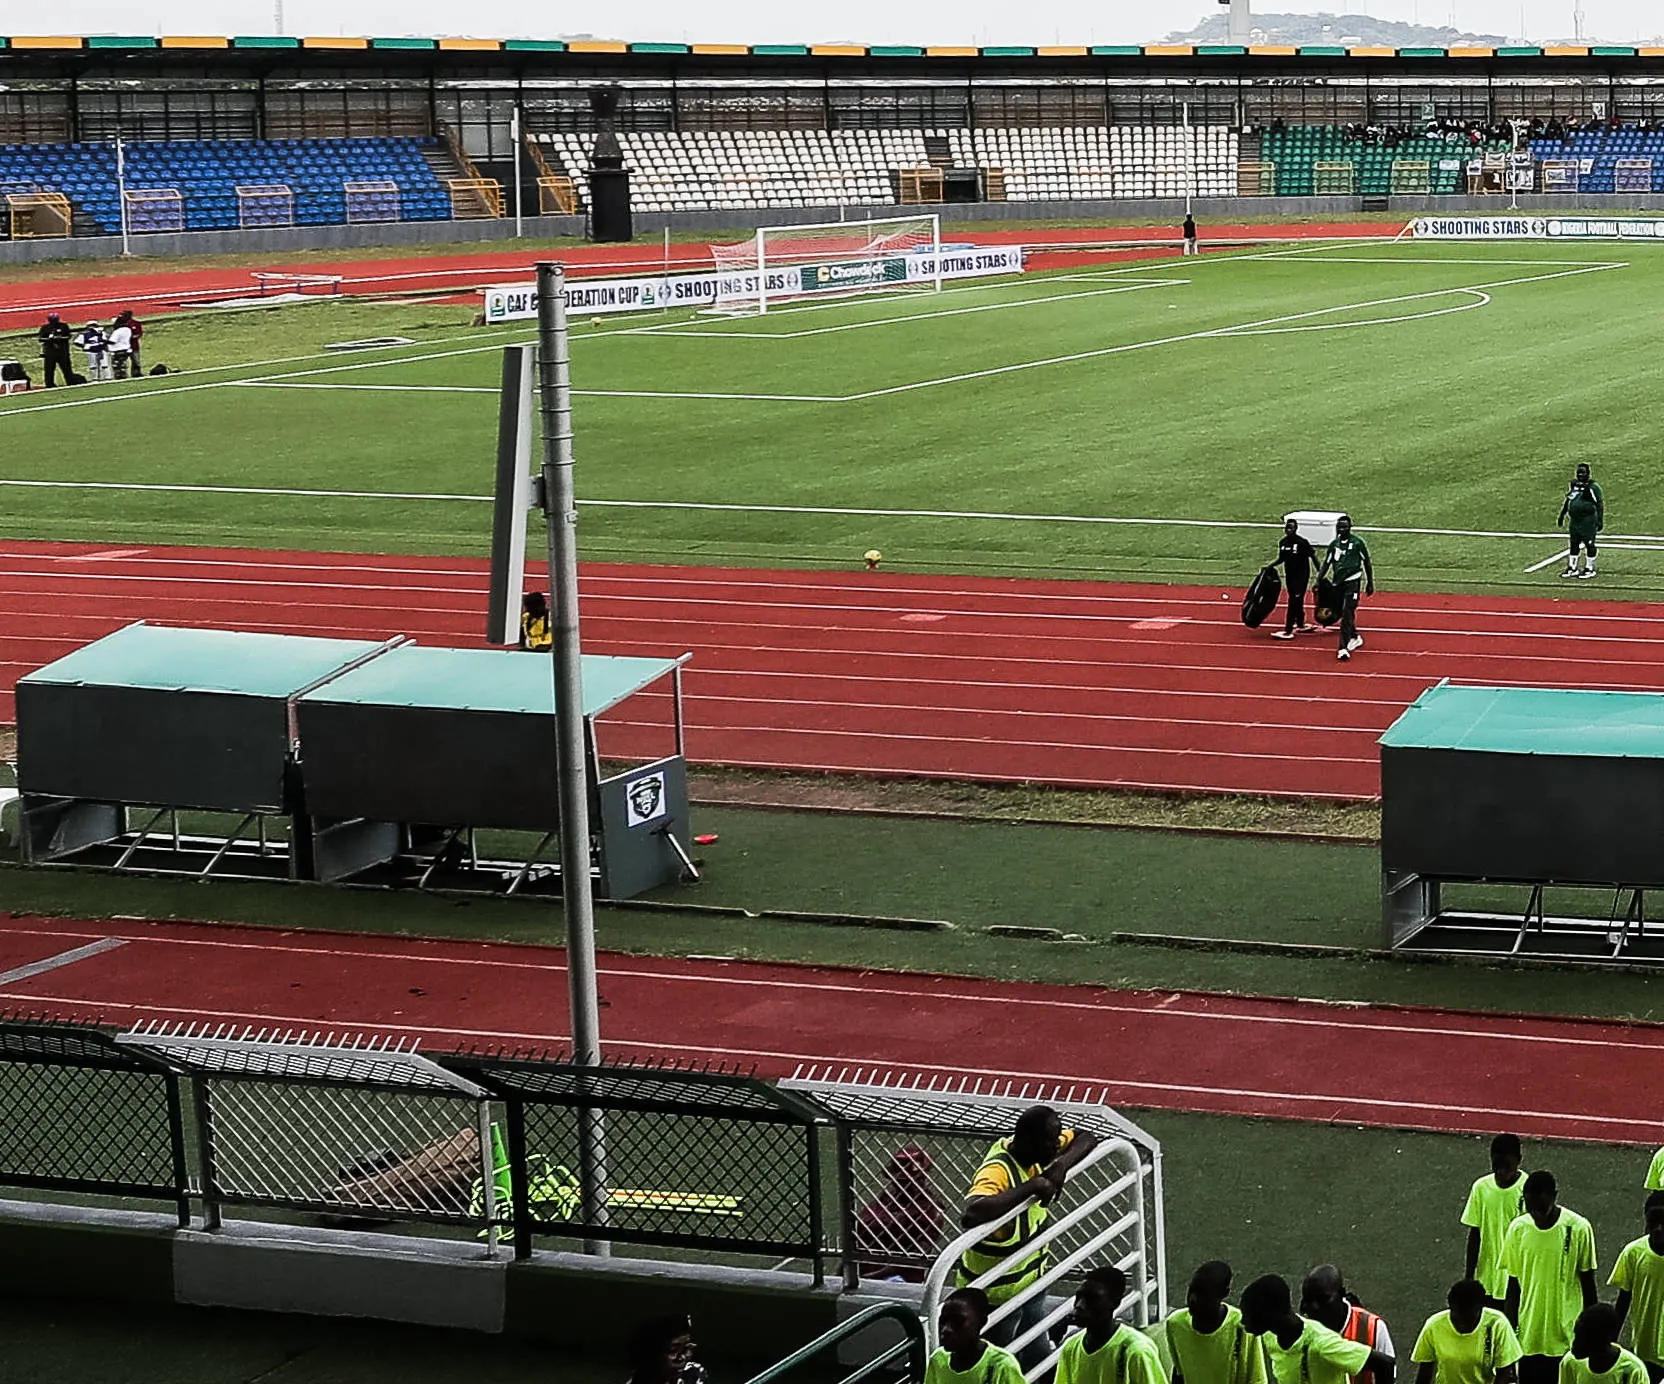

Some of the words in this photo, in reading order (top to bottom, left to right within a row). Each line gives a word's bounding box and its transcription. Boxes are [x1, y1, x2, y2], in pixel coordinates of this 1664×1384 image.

[1431, 220, 1490, 235] SHOOTING
[1492, 220, 1528, 235] STARS
[976, 253, 1008, 269] STARS
[618, 286, 639, 305] CUP
[675, 278, 742, 299] SHOOTING

▸ **Problem requirements**: Leave out all pictures, then copy the remaining material exactly.

▸ **Solution to this exercise**:
Some of the words in this photo, in reading order (top to bottom, left to right within a row). Each line gives a word's bounding box and its transcription. Boxes are [x1, y1, x2, y2], in pixel coordinates of this 1664×1384 image.

[1431, 220, 1490, 235] SHOOTING
[1492, 220, 1528, 235] STARS
[976, 253, 1008, 269] STARS
[618, 286, 639, 305] CUP
[675, 278, 742, 299] SHOOTING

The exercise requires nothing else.